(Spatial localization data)
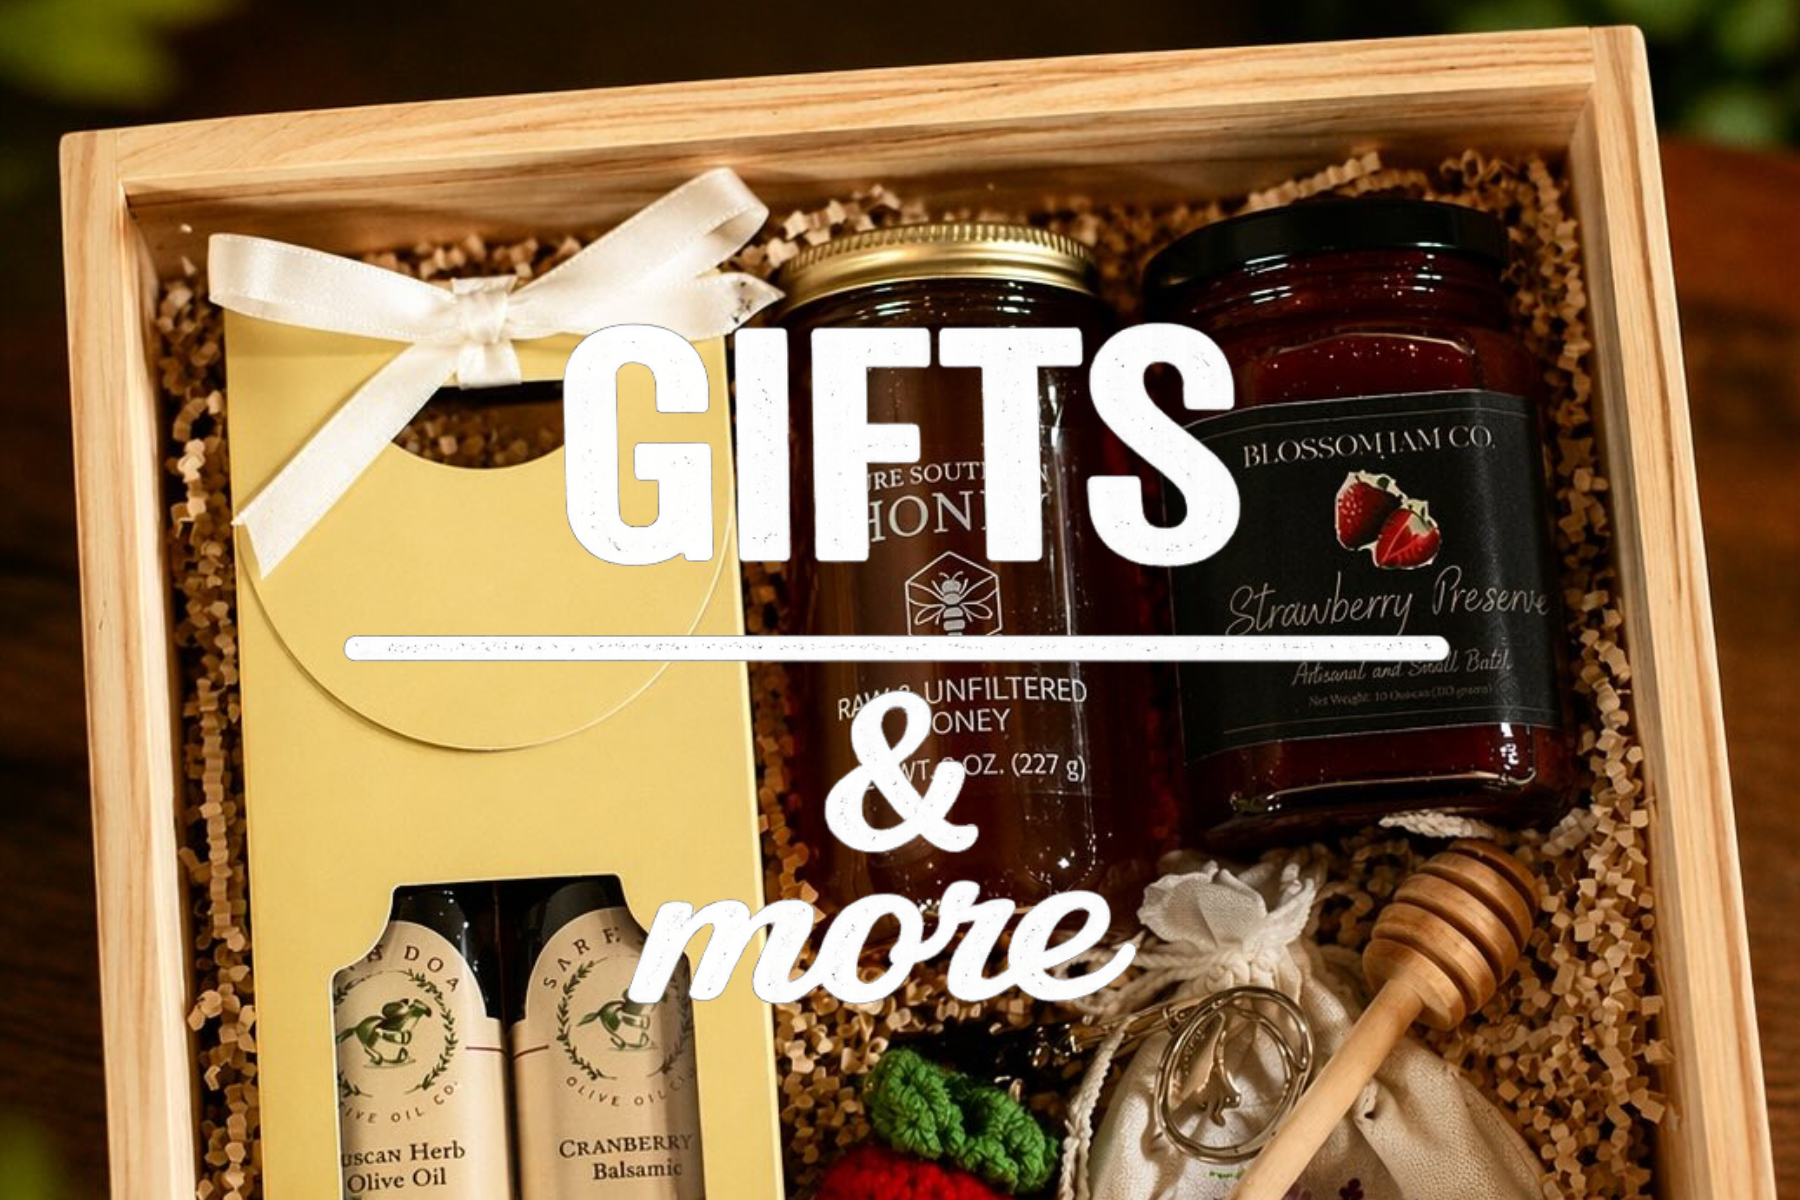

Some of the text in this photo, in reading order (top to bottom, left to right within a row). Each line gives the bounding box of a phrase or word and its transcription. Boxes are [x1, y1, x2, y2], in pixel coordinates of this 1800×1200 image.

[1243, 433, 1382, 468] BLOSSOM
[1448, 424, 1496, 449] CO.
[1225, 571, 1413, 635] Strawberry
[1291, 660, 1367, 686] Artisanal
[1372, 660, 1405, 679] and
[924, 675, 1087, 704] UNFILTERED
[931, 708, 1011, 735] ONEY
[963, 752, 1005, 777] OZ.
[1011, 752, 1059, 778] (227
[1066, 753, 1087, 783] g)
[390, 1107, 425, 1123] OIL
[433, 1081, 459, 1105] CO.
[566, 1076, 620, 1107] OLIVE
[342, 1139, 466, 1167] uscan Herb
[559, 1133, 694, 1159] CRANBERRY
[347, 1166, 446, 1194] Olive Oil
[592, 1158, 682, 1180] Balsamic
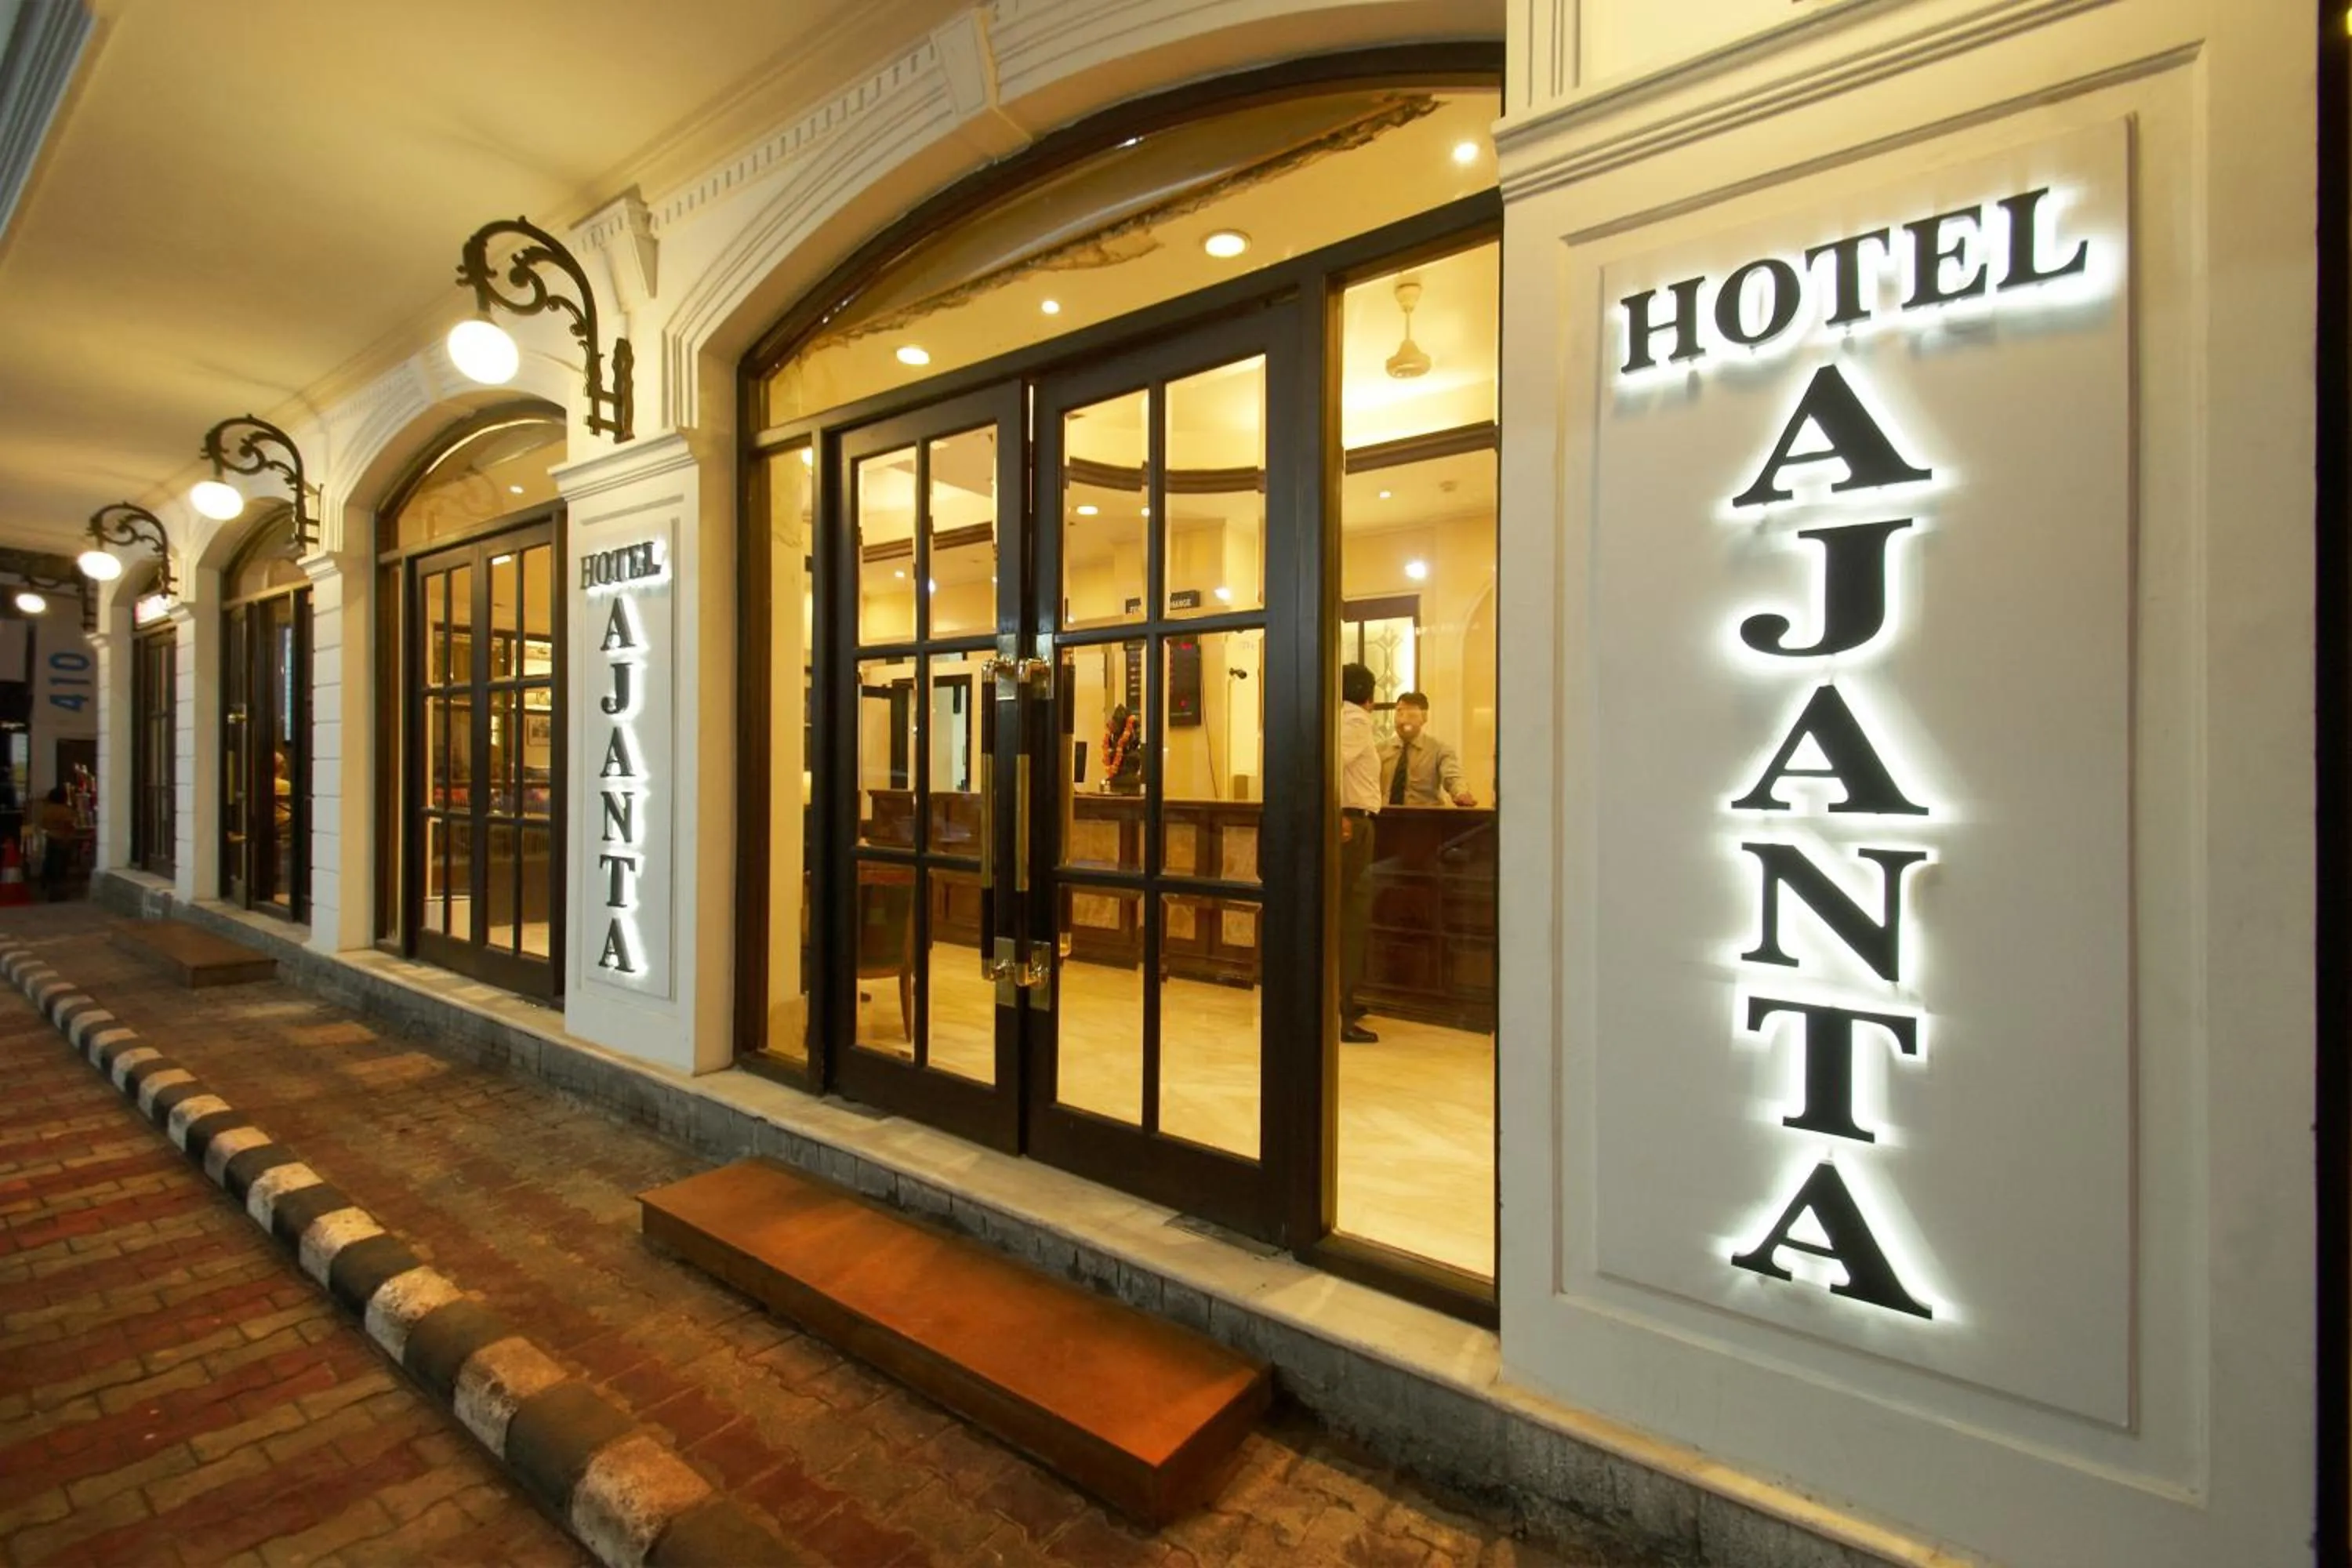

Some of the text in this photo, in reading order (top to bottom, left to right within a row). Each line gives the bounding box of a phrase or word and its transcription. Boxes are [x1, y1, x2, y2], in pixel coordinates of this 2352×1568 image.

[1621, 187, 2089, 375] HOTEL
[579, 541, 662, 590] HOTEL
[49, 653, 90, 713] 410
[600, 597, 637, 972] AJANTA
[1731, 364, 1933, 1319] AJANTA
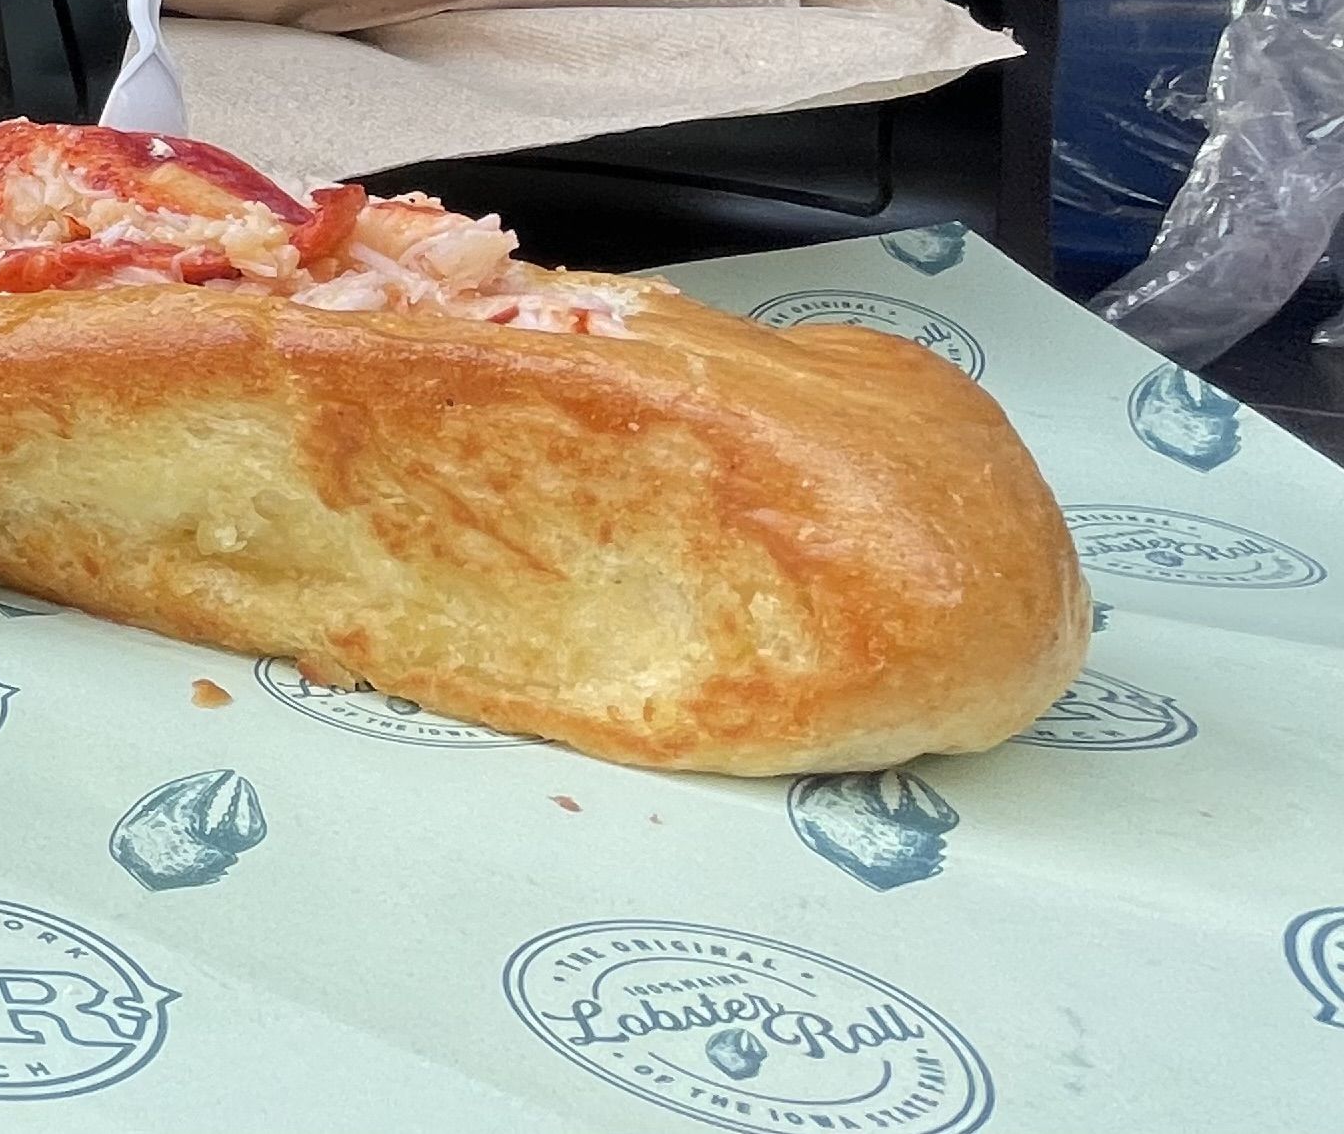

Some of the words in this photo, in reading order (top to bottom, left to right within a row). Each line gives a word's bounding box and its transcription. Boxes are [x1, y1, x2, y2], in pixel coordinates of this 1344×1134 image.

What you should do — Reproduce the lines above, exactly and exclusively, from the line containing "this 2352×1568 image." down to the last line, both included; pictures are not part of the copy.

Exercise response —
Some of the text in this photo, in reading order (top to bottom, left to right within a row). Each line gives the bounding box of a phrase or word and its transcription. Boxes are [x1, y1, x2, y2], in pixel coordinates of this 2352×1568 image.

[1621, 187, 2089, 375] HOTEL
[579, 541, 662, 590] HOTEL
[49, 653, 90, 713] 410
[600, 597, 637, 972] AJANTA
[1731, 364, 1933, 1319] AJANTA

Some of the words in this photo, in reading order (top to bottom, left to right within a row). Each line gives a word's bounding box and its transcription. Boxes are [x1, y1, x2, y2], in pixel coordinates of this 1344×1134 image.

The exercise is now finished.